Cedar Rapids is home to two plane replacement parts suppliers

A thrust reverser is stored in the warehouse at MidAmerican Aerospace on Tuesday, Sept. 29, 2009, in Cedar Rapids.  Parts from airplanes are inspected before being added to the inventory of available replacement parts sold by the company.  (Liz Martin/The Gazette)
A thrust reverser is stored in the warehouse at MidAmerican Aerospace on Tuesday, Sept. 29, 2009, in Cedar Rapids.

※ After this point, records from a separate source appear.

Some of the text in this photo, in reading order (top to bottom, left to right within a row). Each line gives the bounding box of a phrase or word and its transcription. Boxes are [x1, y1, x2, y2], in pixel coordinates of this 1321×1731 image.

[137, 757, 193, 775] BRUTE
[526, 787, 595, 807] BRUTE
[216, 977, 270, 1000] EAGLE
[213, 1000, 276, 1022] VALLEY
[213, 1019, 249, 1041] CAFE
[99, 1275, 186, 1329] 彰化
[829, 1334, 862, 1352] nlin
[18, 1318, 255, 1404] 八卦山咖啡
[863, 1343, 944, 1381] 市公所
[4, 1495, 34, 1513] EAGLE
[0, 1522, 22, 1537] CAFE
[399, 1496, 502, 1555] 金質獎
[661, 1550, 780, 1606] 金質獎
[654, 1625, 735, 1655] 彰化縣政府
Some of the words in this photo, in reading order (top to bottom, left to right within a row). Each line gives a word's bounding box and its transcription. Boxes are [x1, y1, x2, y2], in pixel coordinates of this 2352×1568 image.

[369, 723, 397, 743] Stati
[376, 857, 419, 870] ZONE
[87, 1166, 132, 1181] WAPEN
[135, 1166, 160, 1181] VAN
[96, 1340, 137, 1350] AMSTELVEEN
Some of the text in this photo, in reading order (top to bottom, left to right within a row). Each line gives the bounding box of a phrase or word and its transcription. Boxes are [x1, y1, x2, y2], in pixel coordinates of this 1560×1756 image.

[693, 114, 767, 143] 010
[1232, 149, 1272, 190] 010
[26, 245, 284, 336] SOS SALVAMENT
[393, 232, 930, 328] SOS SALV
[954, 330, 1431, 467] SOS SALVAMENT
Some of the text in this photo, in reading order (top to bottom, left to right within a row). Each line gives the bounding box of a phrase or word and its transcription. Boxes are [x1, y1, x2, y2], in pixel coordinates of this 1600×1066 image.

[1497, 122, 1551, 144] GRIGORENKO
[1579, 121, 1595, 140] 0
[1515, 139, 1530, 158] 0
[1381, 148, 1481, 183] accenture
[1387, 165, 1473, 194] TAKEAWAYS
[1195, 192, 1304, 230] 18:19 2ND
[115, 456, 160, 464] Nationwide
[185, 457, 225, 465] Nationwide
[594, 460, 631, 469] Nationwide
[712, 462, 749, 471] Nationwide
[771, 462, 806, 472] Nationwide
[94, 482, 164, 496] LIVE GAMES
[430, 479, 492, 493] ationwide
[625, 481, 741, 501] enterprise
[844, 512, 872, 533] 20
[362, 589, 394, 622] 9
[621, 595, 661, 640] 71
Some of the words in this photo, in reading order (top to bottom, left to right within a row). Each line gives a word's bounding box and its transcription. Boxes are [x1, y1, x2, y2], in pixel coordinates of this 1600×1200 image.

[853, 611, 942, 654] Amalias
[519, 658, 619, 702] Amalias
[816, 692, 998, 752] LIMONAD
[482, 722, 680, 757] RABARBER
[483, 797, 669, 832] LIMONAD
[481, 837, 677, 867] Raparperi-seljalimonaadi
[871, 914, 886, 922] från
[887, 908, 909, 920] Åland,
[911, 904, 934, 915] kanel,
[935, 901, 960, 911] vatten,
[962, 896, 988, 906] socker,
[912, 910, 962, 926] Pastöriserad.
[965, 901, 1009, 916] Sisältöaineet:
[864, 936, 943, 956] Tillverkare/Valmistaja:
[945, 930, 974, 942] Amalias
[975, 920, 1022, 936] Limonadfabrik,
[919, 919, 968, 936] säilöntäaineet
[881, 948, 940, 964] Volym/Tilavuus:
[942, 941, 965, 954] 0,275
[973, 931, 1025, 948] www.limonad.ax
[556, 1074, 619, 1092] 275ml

Parts from airplanes are inspected before being added to the inventory of available replacement parts sold by the company. (Liz Martin/The Gazette)

When airlines need a replacement part for a jetliner, two local companies may compete to make the sale.

Intertrade and MidAmerican Aerospace are players with intertwined histories in the multibillion-dollar aircraft replacement parts industry.

Intertrade, 4700 N. River Blvd. NE, was founded in 1969 by two former Collins Radio employees as Ascott Traders and reincorporated a year later as Intertrade. Don Hanrahan, who also had worked for Collins, joined Intertrade in 1970 and eventually bought the company. Hanrahan’s son, Mark Hanrahan, sold Intertrade to Rockwell Collins Inc. in 1999.

When Mark Hanrahan’s noncompetition agreement expired with Rockwell Collins and Intertrade in 2004, he formed MidAmerican Aerospace, 280 Blairs Ferry Rd. NE.

Intertrade, with 52 employees, operates a distribution center in Memphis, Tenn., and distribution centers with marketing, purchasing and sales operations in London and Singapore.

Intertrade, which is marking its 40th anniversary, also can tap the resources of Rockwell Collins business units and employees, including about 300 account representatives worldwide.

Chris Rauch, Intertrade director, said the company offers recertified aircraft components for sale, exchange or lease. He said the quality of the parts is the most important consideration.

“All parts have to go through the proper repair and inspection process,” Rauch said.

Rauch said the company only uses Federal Aviation Administration or Civil Aviation Administration of China repair stations to do that work.

Company officials also make sure that the part can be traced back to its origin, and information found on where it had been used, he said, because aircraft parts move globally.

“We may buy an aircraft for disassembly in Europe and take some of those parts for lease to a customer in Asia,” he said. “When those parts come off lease, we may refurbish them and sell them to a customer in the United States.”

Rauch said Intertrade buys airplanes for parts, but does not handle engines or internal engine parts. It sells a select number of each airplane’s thousands of parts and destroys the rest.

“We’re focusing on those aircraft like where we see a long-term market,” Rauch said. “We recently bought two Boeing 757s because we see a future market for parts from those aircraft.

“As a stocking distributor, we’re also looking for strategic aircraft parts acquisitions that we can purchase and hold for future customer requirements.”

Intertrade also provides supply chain solutions for customers. With its expertise in asset management, inventory planning and forecasting, it also offers those services.

“Being part of Rockwell Collins opens a lot of doors for us,” Rauch said. “We not only deal in Rockwell Collins parts, but also avionics and communications made by our competitors. That’s why we retained the Intertrade name so we wouldn’t be perceived as a captive company.”

MidAmerican Aerospace, which employs about 30, also sells, exchanges or leases aircraft parts that have been inspected and recertified. The company maintains its headquarters and a distribution center in Cedar Rapids and has a site for distribution and disassembly in Chandler, Ariz.

MidAmerican Aerospace supplies aircraft, turbine engines, auxiliary power units, aircraft parts and avionics to customers in the commercial, regional and military aviation markets.

Hanrahan said MidAmerican Aerospace sharply reduced its payroll in February 2008 when the price of crude oil soared above $100 per barrel.

Hanrahan said the company also reduced salaries or put some employees on commission. He stopped taking a paycheck and the business turned around, earning a profit of $250,000 in each succeeding month.

“We’re going to make about $1 million this year, which is a miracle with what the industry has experienced,” Hanrahan said. “We were buying Boeing 737-300s for somewhere around $2 million to $3 million several years ago, depending on configuration. Today. we’re buying them for $400,000.”

While it will continue to buy and sell aircraft parts, MidAmerican Aerospace wants to move primarily into buying and selling or leasing engines and engine components, Hanrahan said. He said the industry is showing signs of recovery as fuel prices have moderated, but prices are still depressed.

“This is a buying business,” Hanrahan said. “If you’re fortunate to buy something at the right price and sell it for more than you paid, you will do all right.”